Pongamos un caso más cercano: un 4x4 se queda sin batería al paso en una zona montañosa y angosta donde nadie le podrá remolcar. El conductor tiene un serio problema. Los todoterrenos tienen vida propia y no hay que ser un experto para averiguarlo. Es fundamental escucharlos, oír el sonido de sus armónicos, intuir los sobresaltos, fijar los ruidos extraños, localizar ese amortiguador que ha perdido aceite. Ir al desierto y tomar parte en una carrera es una aventura apasionante, pero muy seria. No puede uno presentarse con un parachoques monumental. Parecería una buena idea con el fin de luchar contra lo imprevisto… a menos que el propio peso del parachoques dificulte la marcha. Y eso es lo que sucede. He visto muchos accesorios inútiles en todoterrenos de competición, vehículos que costaban lo que el resto de participantes juntos. Pero a los que sólo les faltaba un lacito rosa. Hay que ser práctico y no espectacular. Ese conductor reventó el 4x4 porque no hizo caso de una lucecita que se le encendió.

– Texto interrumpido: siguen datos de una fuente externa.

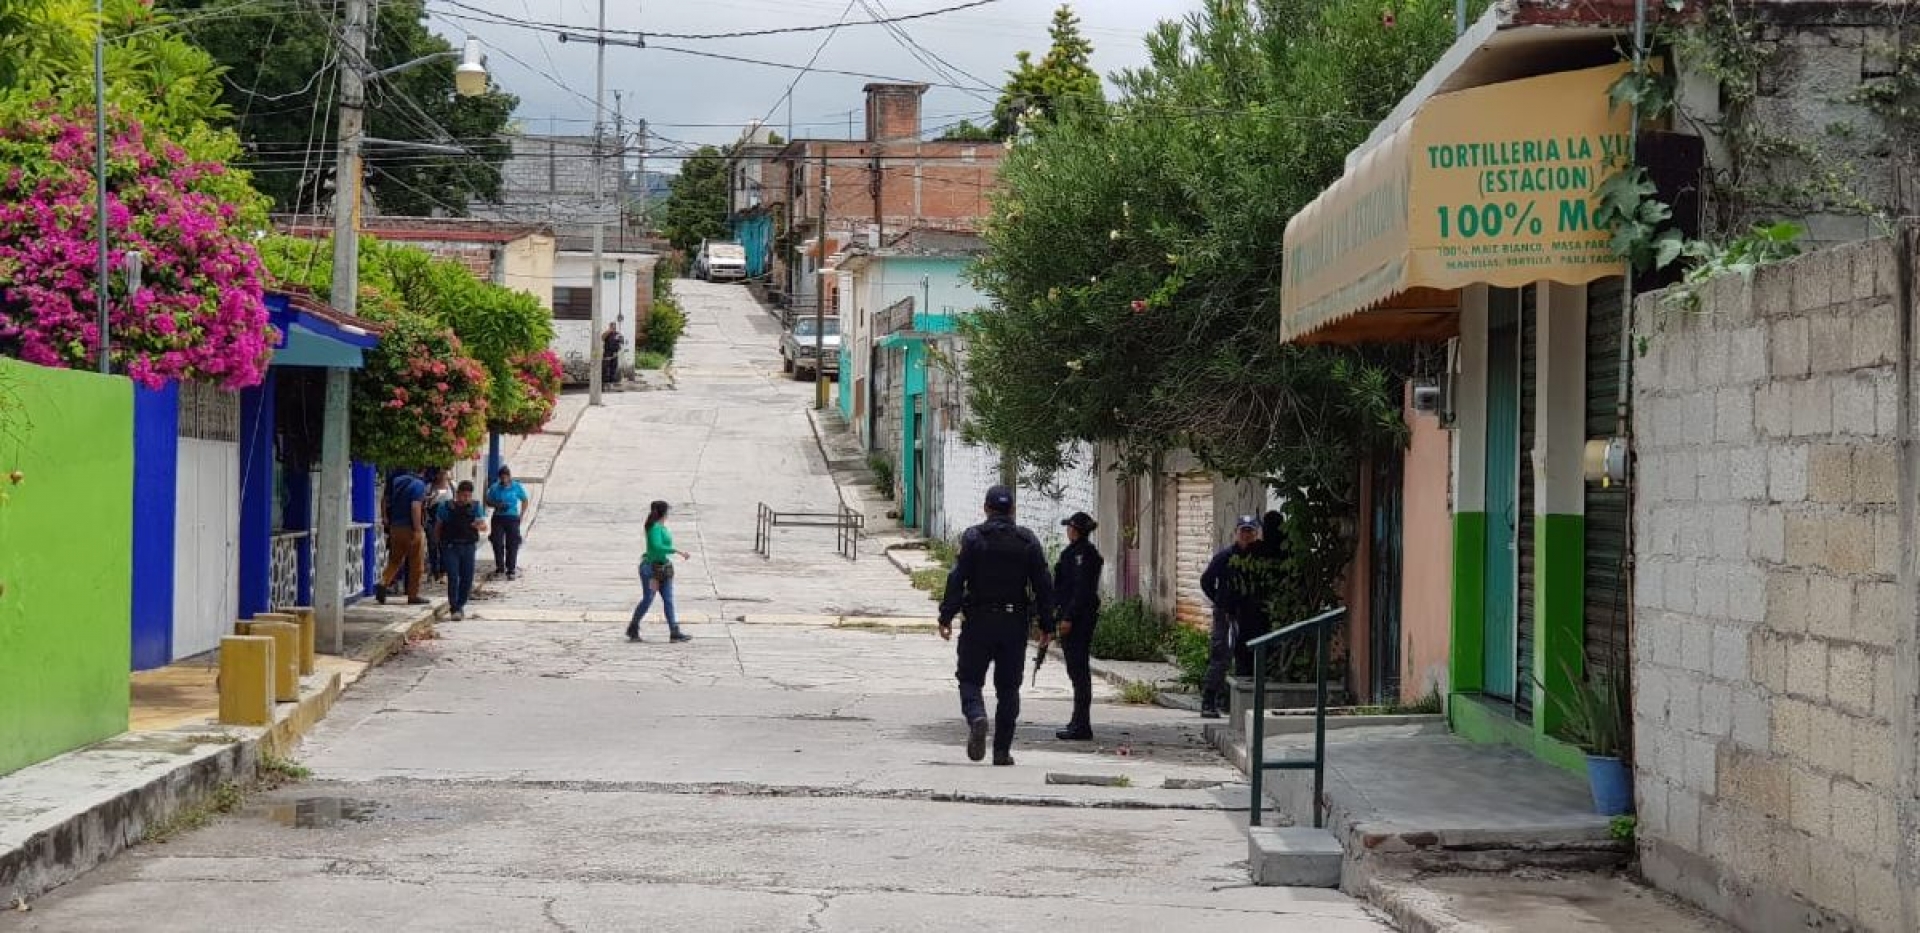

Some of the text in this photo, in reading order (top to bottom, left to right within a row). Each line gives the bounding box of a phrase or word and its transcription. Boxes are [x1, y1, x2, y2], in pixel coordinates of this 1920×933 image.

[1428, 138, 1560, 169] TORTILLERIA
[1567, 136, 1592, 160] LA
[1478, 165, 1594, 199] (ESTACION)
[1437, 200, 1543, 239] 100%
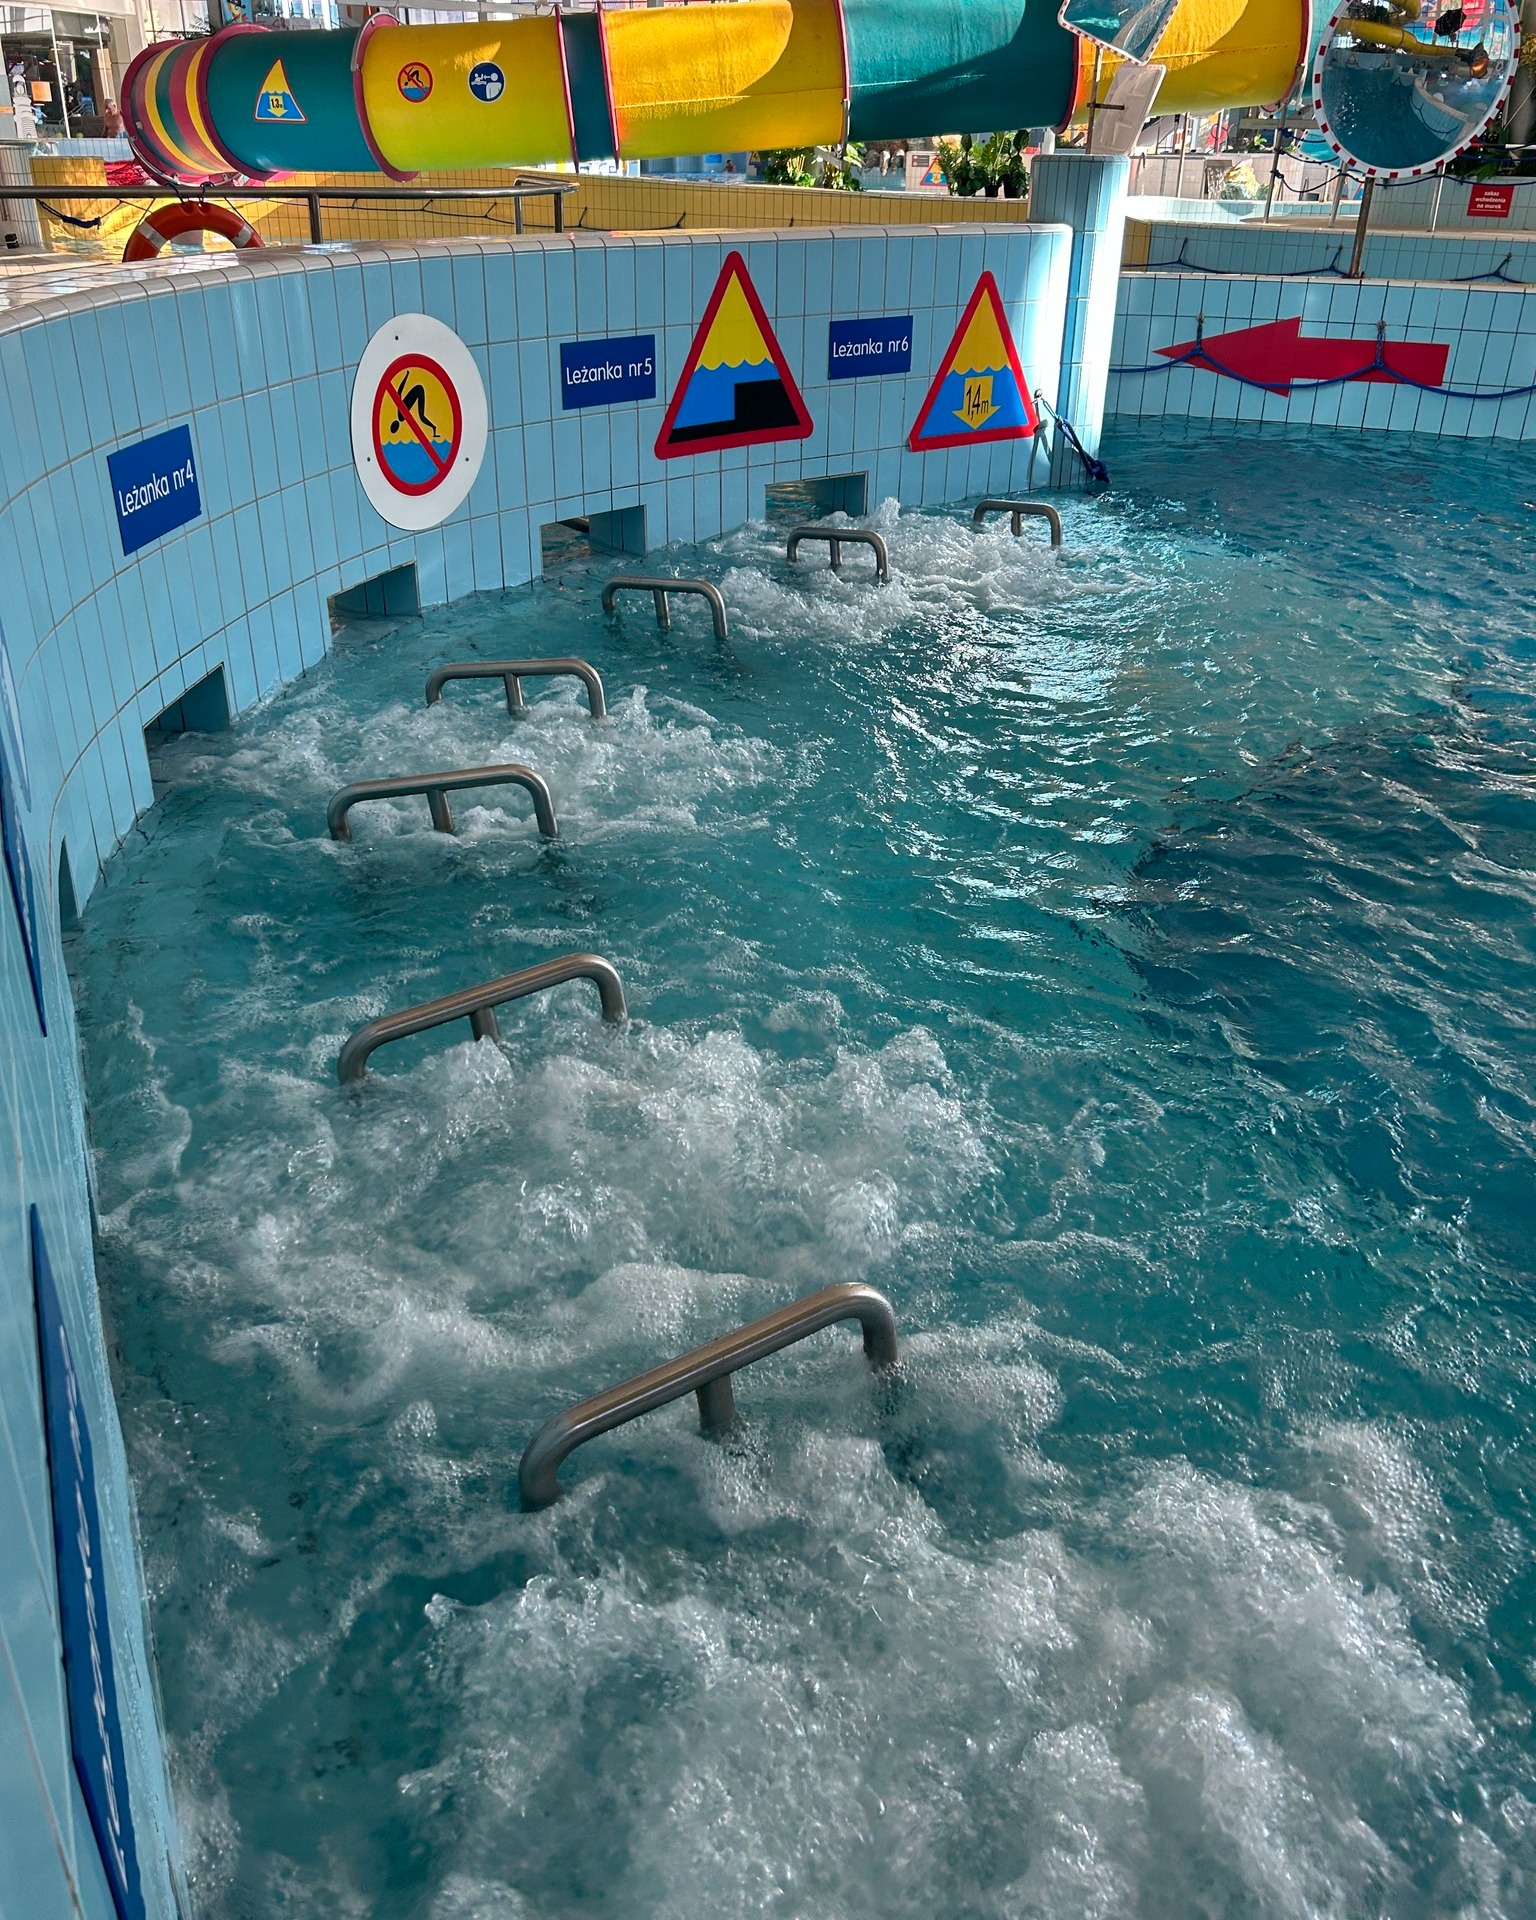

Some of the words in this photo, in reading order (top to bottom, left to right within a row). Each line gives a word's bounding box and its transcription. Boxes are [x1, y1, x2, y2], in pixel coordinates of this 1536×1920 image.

[832, 337, 883, 358] Leżanka
[566, 360, 623, 385] Leżanka
[118, 472, 170, 517] Leżanka
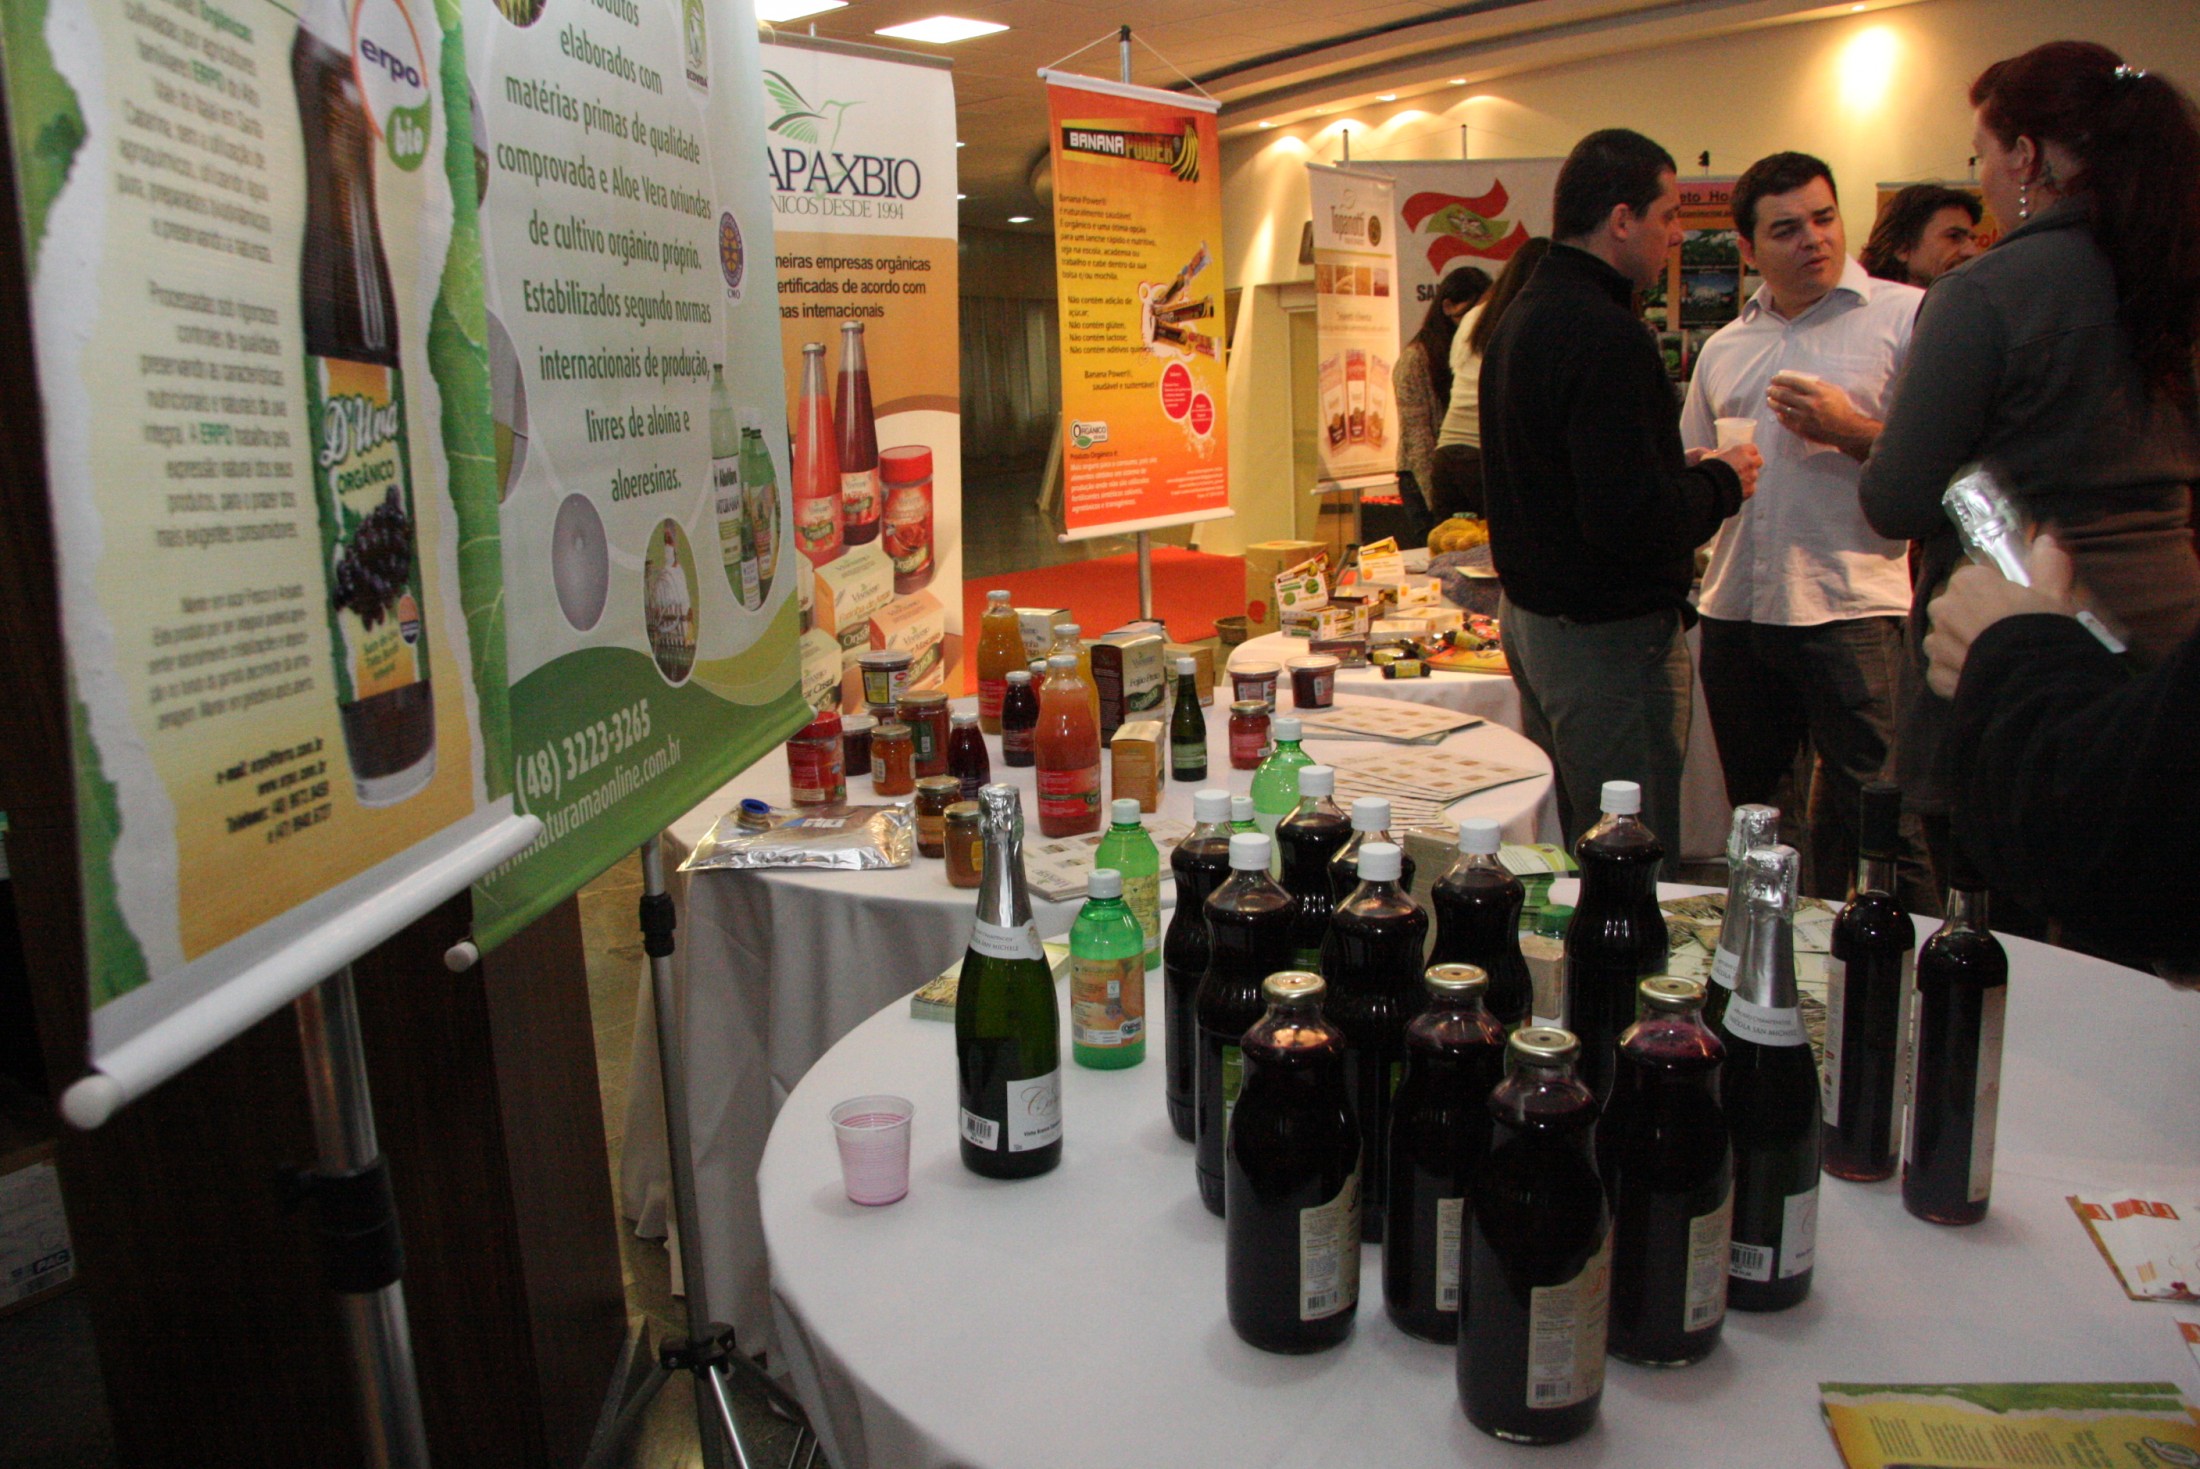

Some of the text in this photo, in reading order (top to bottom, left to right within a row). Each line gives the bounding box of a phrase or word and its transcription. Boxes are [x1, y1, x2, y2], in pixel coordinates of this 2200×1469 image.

[360, 35, 421, 88] erpo
[561, 23, 663, 95] elaborados com
[394, 117, 424, 157] bio
[505, 75, 701, 166] matérias primas de qualidade
[1069, 131, 1124, 155] BANANA
[497, 142, 711, 220] comprovada e Aloe Vera oriundas
[823, 198, 872, 218] DESDE
[876, 202, 904, 220] 1994
[528, 209, 702, 275] de cultivo orgânico próprio.
[816, 256, 873, 272] empresas
[876, 255, 931, 274] orgânicas
[523, 279, 712, 327] Estabilizados segundo normas
[842, 279, 858, 294] de
[860, 279, 899, 294] acordo
[902, 282, 926, 295] com
[802, 302, 884, 319] internacionais
[539, 345, 710, 384] internacionais de produção,
[586, 404, 690, 443] livres de aloína e
[611, 463, 682, 502] aloeresinas.
[516, 698, 651, 815] (48) 3223-3265
[484, 734, 682, 888] aturamaonline.com.br

El 4x4 respira, palpa, emite olores y ruidos. Cuando nos sentamos al volante formamos parte de él. De la percepción que tengamos de él dependerá su durabilidad. Fíjense bien: cuando a un coche se le cambia el motor le sucede como nos ocurre a los humanos con los trasplantes; ya no es lo mismo. Nunca será lo mismo. Tal vez el mecánico habrá colocado un manguito que discurre por una fuente de calor. Ese manguito se quemará y el resultado será que nos fallará el motor recién ‘trasplantado’. Antaño, cada firma comercial tenía sus propias bombas de agua. Ahora, no. Las fabrican terceros y las comercializan como si fueran clones. Antes, los vehículos sobrevivían más tiempo que ahora… en buena medida porque la carestía de la vida forzaba a ello. El incomparable bienestar en el que vivimos en esta sociedad del klínex provoca que lo rechacemos todo al mínimo fallo o cuando detectamos su envejecimiento. Eso nos pervierte. Hace que no valoremos la prevención, que veamos al coche sin esos sentidos que siempre nos susurran, que nos emiten olores, que nos alertan.
En definitiva, ya que de un ser vivo se trata, cualquier intervención sobre nuestro 4x4 debería ser hecha con cariño, cordura e imperando la lógica; las cosas se tienen que hacer lo mejor posible y lo bueno si breve dos veces bueno. Hay que valorar mas la Tierra y todo lo que forma parte de ella.